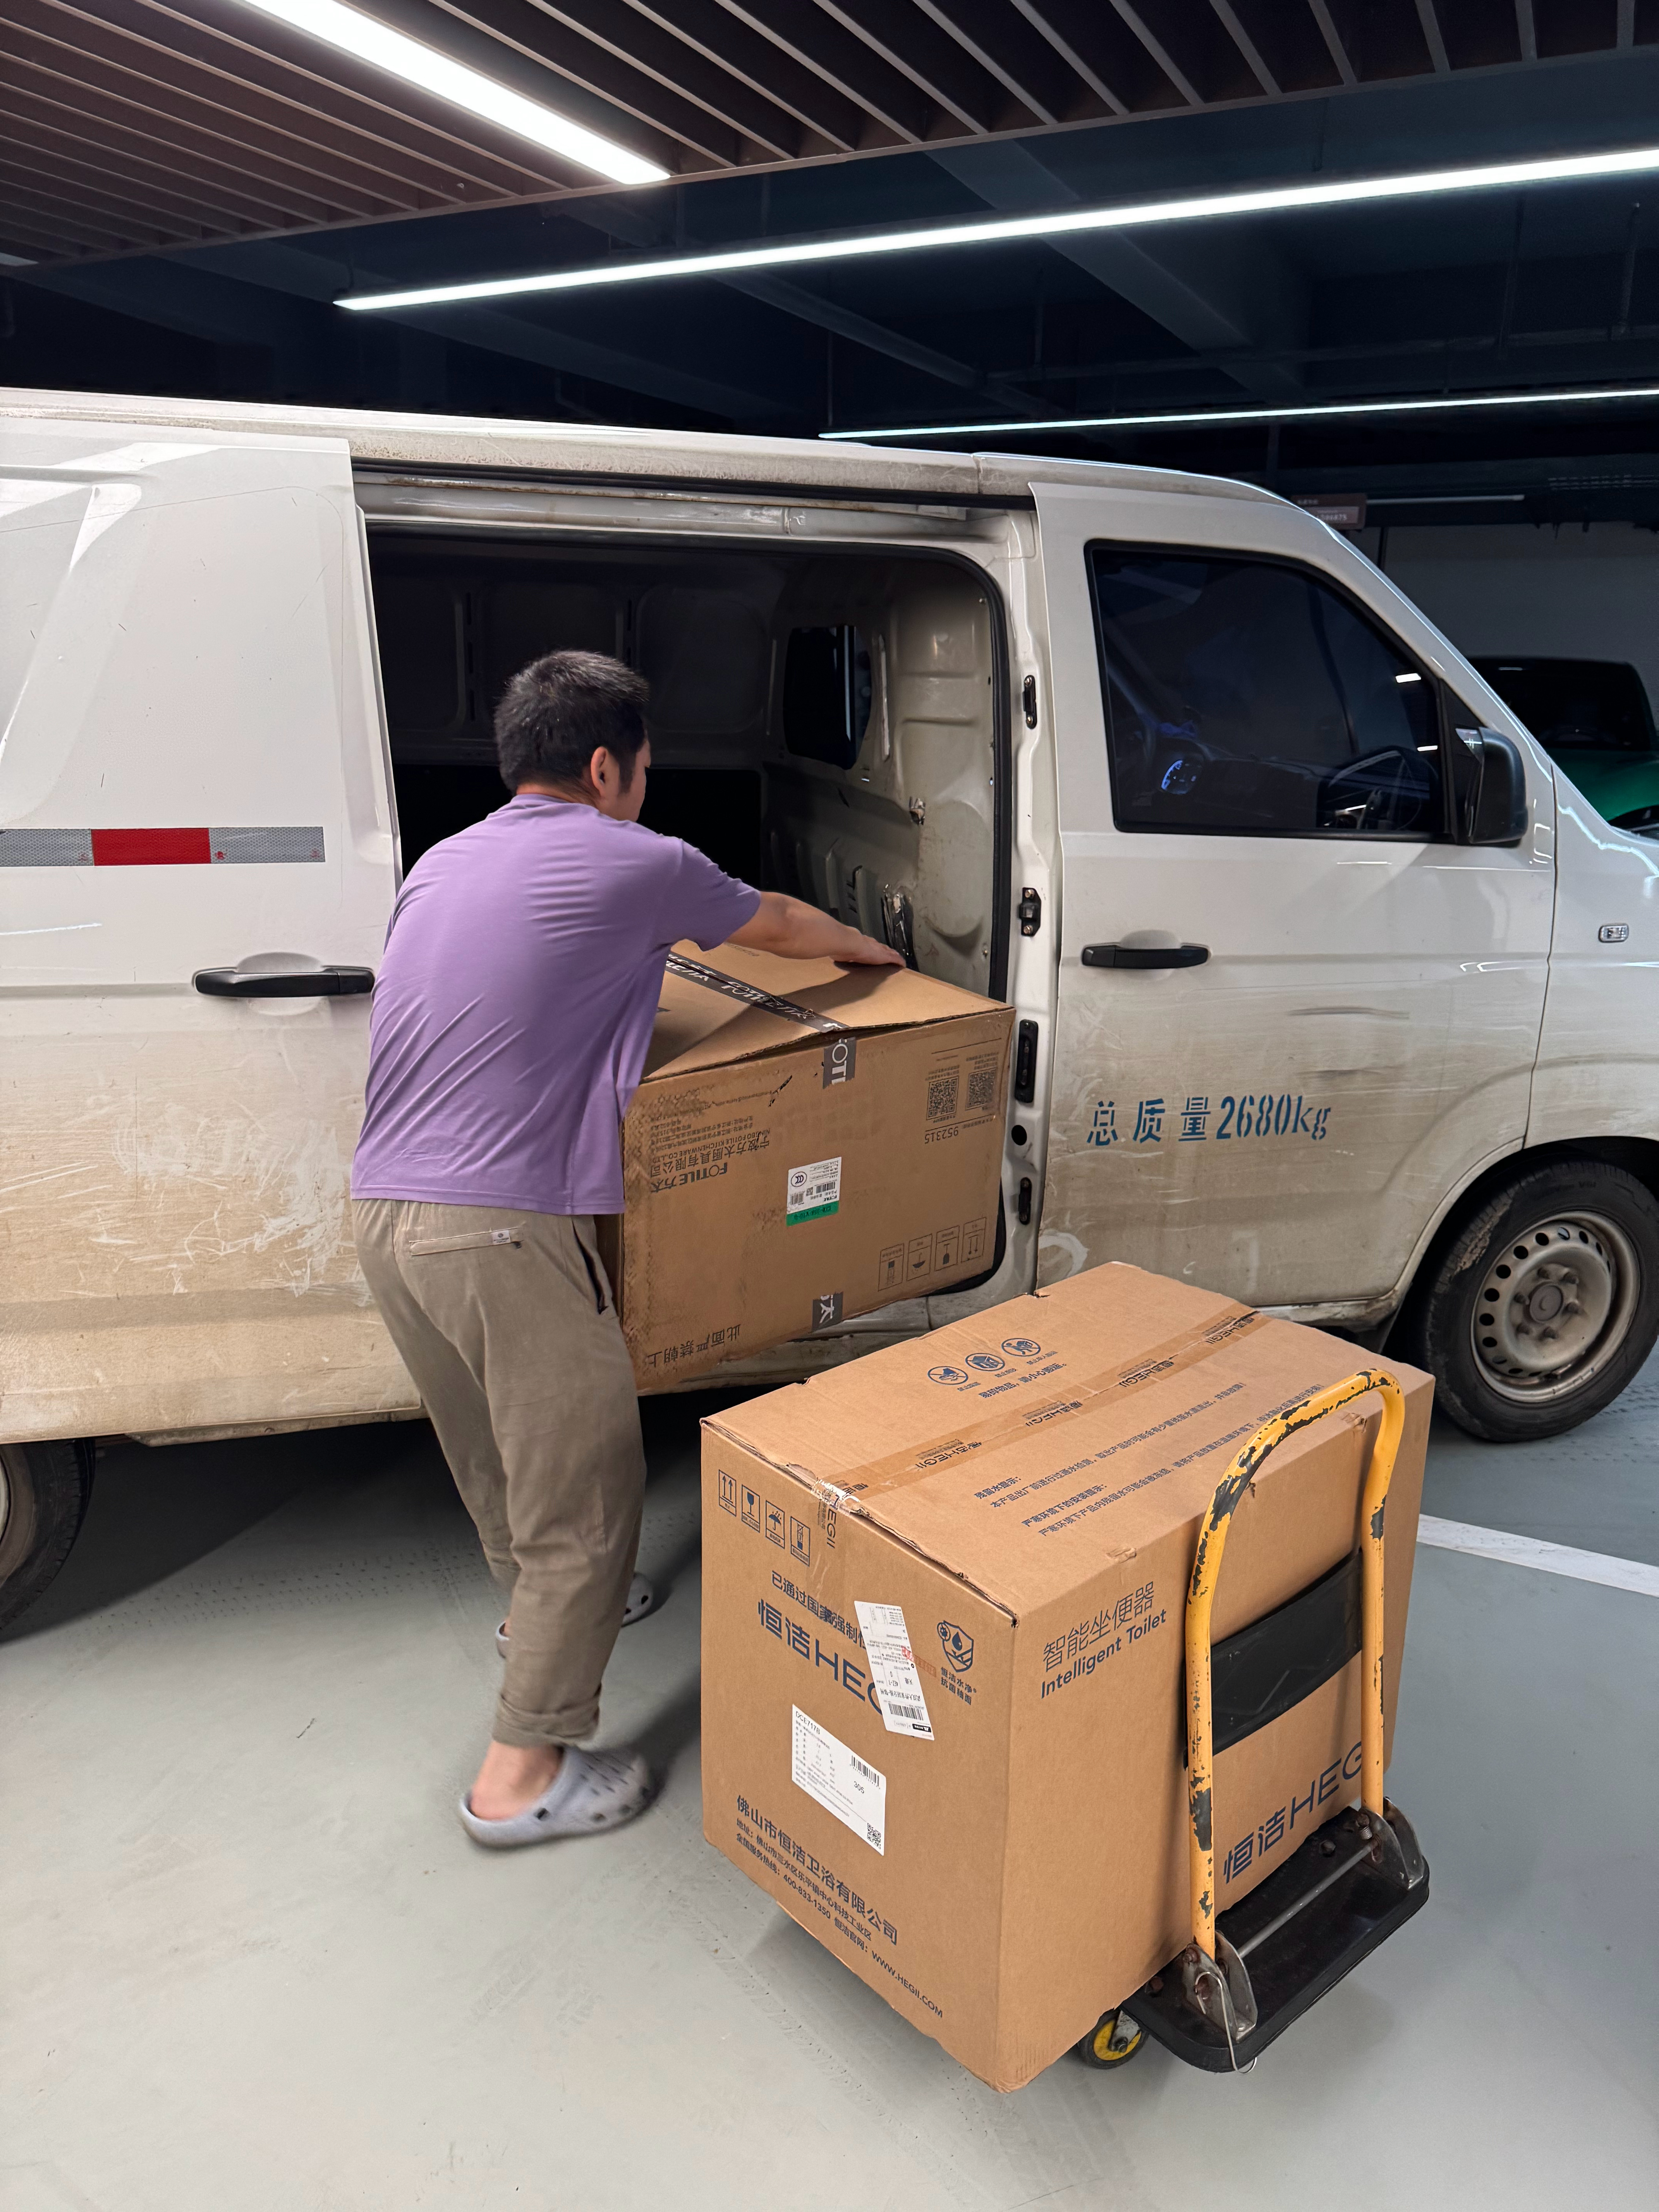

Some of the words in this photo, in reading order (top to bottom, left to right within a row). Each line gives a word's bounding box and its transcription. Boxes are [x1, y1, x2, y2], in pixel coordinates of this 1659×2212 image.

[679, 1138, 724, 1157] KITCHENWARE
[725, 1135, 746, 1145] FOTILE
[925, 1126, 958, 1144] 952315
[650, 1135, 770, 1178] 宁波方太厨具有限公司
[650, 1175, 676, 1193] 方太
[679, 1163, 728, 1186] FOTILE
[647, 1324, 741, 1367] 此面严禁朝上
[1043, 1581, 1155, 1672] 智能坐便器
[1041, 1635, 1121, 1698] Intelligent
[1127, 1608, 1167, 1644] Toilet
[941, 1677, 972, 1705] 抗菌釉面
[854, 1780, 864, 1795] 305
[737, 1795, 897, 1946] 佛山市恒洁卫浴有限公司

**WORK ITEM**
Only the text of the records above, copied exactly, should be returned; the pictures stay out.

**ANSWER SECTION**
Some of the words in this photo, in reading order (top to bottom, left to right within a row). Each line gives a word's bounding box and its transcription. Boxes are [x1, y1, x2, y2], in pixel coordinates of this 1659×2212 image.

[679, 1138, 724, 1157] KITCHENWARE
[725, 1135, 746, 1145] FOTILE
[925, 1126, 958, 1144] 952315
[650, 1135, 770, 1178] 宁波方太厨具有限公司
[650, 1175, 676, 1193] 方太
[679, 1163, 728, 1186] FOTILE
[647, 1324, 741, 1367] 此面严禁朝上
[1043, 1581, 1155, 1672] 智能坐便器
[1041, 1635, 1121, 1698] Intelligent
[1127, 1608, 1167, 1644] Toilet
[941, 1677, 972, 1705] 抗菌釉面
[854, 1780, 864, 1795] 305
[737, 1795, 897, 1946] 佛山市恒洁卫浴有限公司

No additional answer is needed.